• TASK INPUT
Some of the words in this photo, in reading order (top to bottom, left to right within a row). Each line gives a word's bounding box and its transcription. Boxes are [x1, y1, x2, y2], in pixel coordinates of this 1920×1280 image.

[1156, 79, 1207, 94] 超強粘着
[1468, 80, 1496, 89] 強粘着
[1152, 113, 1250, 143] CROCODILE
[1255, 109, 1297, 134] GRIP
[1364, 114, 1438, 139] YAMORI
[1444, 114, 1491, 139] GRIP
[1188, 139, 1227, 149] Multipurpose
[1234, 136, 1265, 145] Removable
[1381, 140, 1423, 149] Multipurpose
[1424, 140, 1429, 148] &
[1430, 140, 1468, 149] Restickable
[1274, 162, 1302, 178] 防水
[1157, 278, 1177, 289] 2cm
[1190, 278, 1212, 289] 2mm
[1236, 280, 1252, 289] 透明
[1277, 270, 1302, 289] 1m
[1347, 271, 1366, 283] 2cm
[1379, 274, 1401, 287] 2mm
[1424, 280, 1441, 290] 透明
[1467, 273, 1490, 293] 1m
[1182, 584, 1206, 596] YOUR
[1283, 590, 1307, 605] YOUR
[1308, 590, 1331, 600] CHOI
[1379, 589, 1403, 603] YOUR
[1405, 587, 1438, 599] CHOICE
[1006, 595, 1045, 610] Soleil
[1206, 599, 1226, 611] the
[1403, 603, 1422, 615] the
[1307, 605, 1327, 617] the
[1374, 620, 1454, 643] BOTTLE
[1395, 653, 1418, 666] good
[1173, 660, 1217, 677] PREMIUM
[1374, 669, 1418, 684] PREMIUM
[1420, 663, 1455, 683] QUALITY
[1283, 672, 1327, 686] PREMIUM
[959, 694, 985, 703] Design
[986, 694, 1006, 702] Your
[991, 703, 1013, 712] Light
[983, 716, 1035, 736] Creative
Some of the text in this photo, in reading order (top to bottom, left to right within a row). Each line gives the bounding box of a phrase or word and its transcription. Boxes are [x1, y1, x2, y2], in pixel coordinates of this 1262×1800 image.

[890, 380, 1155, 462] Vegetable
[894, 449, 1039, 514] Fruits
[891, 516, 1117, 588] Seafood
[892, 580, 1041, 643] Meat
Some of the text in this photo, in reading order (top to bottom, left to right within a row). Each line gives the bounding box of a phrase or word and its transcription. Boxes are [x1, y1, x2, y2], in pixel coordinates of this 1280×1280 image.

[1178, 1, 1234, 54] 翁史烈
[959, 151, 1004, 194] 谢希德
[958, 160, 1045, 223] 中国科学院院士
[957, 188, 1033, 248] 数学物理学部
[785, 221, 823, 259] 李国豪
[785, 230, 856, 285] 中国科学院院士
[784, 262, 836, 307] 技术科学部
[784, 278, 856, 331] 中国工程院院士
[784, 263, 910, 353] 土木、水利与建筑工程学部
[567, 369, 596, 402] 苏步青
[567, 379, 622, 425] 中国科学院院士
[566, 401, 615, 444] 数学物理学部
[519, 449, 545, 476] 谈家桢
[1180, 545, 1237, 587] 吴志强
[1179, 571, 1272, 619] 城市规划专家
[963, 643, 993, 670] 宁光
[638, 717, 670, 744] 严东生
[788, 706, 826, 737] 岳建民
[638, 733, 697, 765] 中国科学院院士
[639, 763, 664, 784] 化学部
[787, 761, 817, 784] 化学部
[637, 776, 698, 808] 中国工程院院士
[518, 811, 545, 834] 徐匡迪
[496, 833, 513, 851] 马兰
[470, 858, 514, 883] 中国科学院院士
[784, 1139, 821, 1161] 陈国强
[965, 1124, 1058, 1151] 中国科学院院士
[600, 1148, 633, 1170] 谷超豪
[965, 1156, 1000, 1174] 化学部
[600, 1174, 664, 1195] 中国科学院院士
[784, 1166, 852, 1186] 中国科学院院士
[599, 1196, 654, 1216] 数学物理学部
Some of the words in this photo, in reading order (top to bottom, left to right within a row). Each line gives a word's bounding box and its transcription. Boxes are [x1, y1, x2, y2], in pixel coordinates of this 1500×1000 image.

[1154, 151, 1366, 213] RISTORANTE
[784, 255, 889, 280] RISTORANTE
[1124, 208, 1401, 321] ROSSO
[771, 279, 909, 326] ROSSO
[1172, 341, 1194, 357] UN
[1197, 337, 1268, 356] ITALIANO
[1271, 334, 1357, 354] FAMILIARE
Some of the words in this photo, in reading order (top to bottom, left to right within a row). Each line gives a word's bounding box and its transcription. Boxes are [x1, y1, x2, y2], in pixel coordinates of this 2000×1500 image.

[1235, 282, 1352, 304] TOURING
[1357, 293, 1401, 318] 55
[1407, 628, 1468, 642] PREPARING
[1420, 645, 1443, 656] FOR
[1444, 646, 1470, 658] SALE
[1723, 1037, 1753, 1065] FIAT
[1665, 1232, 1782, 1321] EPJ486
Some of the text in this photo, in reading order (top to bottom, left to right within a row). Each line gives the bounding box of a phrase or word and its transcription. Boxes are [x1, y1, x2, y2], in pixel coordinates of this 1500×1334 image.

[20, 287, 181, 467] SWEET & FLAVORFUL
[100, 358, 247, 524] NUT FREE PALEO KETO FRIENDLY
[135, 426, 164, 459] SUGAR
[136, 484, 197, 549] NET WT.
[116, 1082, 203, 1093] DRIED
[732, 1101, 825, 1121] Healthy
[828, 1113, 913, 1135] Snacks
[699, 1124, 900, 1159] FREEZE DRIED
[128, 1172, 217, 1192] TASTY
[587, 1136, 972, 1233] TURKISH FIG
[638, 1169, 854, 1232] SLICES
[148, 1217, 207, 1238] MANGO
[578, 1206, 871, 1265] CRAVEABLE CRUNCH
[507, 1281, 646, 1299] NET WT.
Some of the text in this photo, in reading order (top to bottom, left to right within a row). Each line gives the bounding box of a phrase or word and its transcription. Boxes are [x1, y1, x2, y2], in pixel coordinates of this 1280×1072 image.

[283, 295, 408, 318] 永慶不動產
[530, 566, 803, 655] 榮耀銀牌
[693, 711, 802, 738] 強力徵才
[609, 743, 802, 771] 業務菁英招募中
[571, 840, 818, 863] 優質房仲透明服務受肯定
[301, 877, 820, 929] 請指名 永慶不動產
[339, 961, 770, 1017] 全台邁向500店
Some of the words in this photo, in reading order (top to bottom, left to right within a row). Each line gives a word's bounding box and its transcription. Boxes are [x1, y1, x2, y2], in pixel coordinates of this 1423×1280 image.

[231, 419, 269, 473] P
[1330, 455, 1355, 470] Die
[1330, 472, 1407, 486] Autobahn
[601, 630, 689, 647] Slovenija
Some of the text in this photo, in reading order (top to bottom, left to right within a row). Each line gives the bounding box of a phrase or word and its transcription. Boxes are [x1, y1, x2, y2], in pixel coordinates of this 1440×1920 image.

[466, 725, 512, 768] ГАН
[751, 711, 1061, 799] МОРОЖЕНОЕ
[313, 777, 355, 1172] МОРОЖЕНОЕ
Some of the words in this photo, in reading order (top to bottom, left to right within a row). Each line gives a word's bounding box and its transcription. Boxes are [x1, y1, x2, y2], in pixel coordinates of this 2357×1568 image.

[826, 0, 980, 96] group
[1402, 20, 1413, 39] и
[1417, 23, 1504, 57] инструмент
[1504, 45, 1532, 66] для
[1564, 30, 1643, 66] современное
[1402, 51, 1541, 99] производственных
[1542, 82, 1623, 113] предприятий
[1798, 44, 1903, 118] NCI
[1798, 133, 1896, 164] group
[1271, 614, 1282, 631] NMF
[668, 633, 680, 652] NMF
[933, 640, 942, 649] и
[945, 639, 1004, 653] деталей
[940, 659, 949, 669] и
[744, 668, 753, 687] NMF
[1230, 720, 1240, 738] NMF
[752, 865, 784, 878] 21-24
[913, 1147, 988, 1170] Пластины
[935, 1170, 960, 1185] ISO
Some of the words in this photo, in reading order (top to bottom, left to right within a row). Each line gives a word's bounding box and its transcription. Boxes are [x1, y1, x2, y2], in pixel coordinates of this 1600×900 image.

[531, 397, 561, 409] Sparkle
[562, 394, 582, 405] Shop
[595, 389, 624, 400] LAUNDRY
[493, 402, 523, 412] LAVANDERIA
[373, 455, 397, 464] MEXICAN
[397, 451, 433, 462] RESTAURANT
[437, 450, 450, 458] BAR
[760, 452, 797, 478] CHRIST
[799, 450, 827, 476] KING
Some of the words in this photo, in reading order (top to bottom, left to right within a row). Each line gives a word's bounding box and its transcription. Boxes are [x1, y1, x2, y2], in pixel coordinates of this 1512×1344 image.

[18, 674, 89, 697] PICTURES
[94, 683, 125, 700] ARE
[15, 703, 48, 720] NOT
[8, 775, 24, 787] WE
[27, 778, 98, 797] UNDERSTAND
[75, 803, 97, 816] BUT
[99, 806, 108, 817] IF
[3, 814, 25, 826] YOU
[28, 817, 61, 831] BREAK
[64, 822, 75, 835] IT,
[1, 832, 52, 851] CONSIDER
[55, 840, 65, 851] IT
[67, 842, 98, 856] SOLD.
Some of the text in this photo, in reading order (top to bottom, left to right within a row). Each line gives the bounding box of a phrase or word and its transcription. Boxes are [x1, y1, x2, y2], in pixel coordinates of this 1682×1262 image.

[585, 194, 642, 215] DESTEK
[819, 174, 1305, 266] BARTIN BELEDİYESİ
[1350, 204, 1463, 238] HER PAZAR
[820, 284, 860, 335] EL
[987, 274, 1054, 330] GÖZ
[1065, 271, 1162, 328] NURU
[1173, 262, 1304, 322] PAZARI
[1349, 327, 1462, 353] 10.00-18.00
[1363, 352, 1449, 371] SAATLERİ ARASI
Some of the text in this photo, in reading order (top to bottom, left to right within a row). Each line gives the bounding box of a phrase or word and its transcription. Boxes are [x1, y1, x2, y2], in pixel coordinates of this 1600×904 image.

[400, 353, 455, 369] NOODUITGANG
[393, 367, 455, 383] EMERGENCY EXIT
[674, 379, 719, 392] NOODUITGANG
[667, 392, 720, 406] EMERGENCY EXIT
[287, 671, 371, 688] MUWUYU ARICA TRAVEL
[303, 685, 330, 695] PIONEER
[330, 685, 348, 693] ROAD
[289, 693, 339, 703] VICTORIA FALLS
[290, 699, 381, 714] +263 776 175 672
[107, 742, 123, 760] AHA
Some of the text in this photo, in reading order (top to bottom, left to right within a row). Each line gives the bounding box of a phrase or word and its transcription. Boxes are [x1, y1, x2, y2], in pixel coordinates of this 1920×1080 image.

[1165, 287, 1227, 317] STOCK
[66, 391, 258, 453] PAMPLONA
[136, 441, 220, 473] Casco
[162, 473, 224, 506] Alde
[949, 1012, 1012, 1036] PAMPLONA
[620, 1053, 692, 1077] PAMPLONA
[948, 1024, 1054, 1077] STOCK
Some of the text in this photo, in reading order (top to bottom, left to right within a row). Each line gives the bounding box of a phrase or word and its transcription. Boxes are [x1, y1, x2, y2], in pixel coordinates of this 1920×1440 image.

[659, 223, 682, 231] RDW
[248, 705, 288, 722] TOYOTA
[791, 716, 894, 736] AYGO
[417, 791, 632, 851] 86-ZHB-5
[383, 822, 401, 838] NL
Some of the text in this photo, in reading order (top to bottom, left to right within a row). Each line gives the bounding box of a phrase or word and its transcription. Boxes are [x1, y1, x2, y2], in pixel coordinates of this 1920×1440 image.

• WHAT THIS TASK INVOLVES
From the line holding "this 1682×1262 image." down to the last line of the records above, restate each line exactly as written.

• RESULT OF THIS TASK
Some of the text in this photo, in reading order (top to bottom, left to right within a row). Each line gives the bounding box of a phrase or word and its transcription. Boxes are [x1, y1, x2, y2], in pixel coordinates of this 1682×1262 image.

[585, 194, 642, 215] DESTEK
[819, 174, 1305, 266] BARTIN BELEDİYESİ
[1350, 204, 1463, 238] HER PAZAR
[820, 284, 860, 335] EL
[987, 274, 1054, 330] GÖZ
[1065, 271, 1162, 328] NURU
[1173, 262, 1304, 322] PAZARI
[1349, 327, 1462, 353] 10.00-18.00
[1363, 352, 1449, 371] SAATLERİ ARASI
Some of the text in this photo, in reading order (top to bottom, left to right within a row). Each line gives the bounding box of a phrase or word and its transcription. Boxes are [x1, y1, x2, y2], in pixel coordinates of this 1600×904 image.

[400, 353, 455, 369] NOODUITGANG
[393, 367, 455, 383] EMERGENCY EXIT
[674, 379, 719, 392] NOODUITGANG
[667, 392, 720, 406] EMERGENCY EXIT
[287, 671, 371, 688] MUWUYU ARICA TRAVEL
[303, 685, 330, 695] PIONEER
[330, 685, 348, 693] ROAD
[289, 693, 339, 703] VICTORIA FALLS
[290, 699, 381, 714] +263 776 175 672
[107, 742, 123, 760] AHA
Some of the text in this photo, in reading order (top to bottom, left to right within a row). Each line gives the bounding box of a phrase or word and its transcription. Boxes are [x1, y1, x2, y2], in pixel coordinates of this 1920×1080 image.

[1165, 287, 1227, 317] STOCK
[66, 391, 258, 453] PAMPLONA
[136, 441, 220, 473] Casco
[162, 473, 224, 506] Alde
[949, 1012, 1012, 1036] PAMPLONA
[620, 1053, 692, 1077] PAMPLONA
[948, 1024, 1054, 1077] STOCK
Some of the text in this photo, in reading order (top to bottom, left to right within a row). Each line gives the bounding box of a phrase or word and its transcription. Boxes are [x1, y1, x2, y2], in pixel coordinates of this 1920×1440 image.

[659, 223, 682, 231] RDW
[248, 705, 288, 722] TOYOTA
[791, 716, 894, 736] AYGO
[417, 791, 632, 851] 86-ZHB-5
[383, 822, 401, 838] NL
Some of the text in this photo, in reading order (top to bottom, left to right within a row). Each line gives the bounding box of a phrase or word and its transcription. Boxes are [x1, y1, x2, y2], in pixel coordinates of this 1920×1440 image.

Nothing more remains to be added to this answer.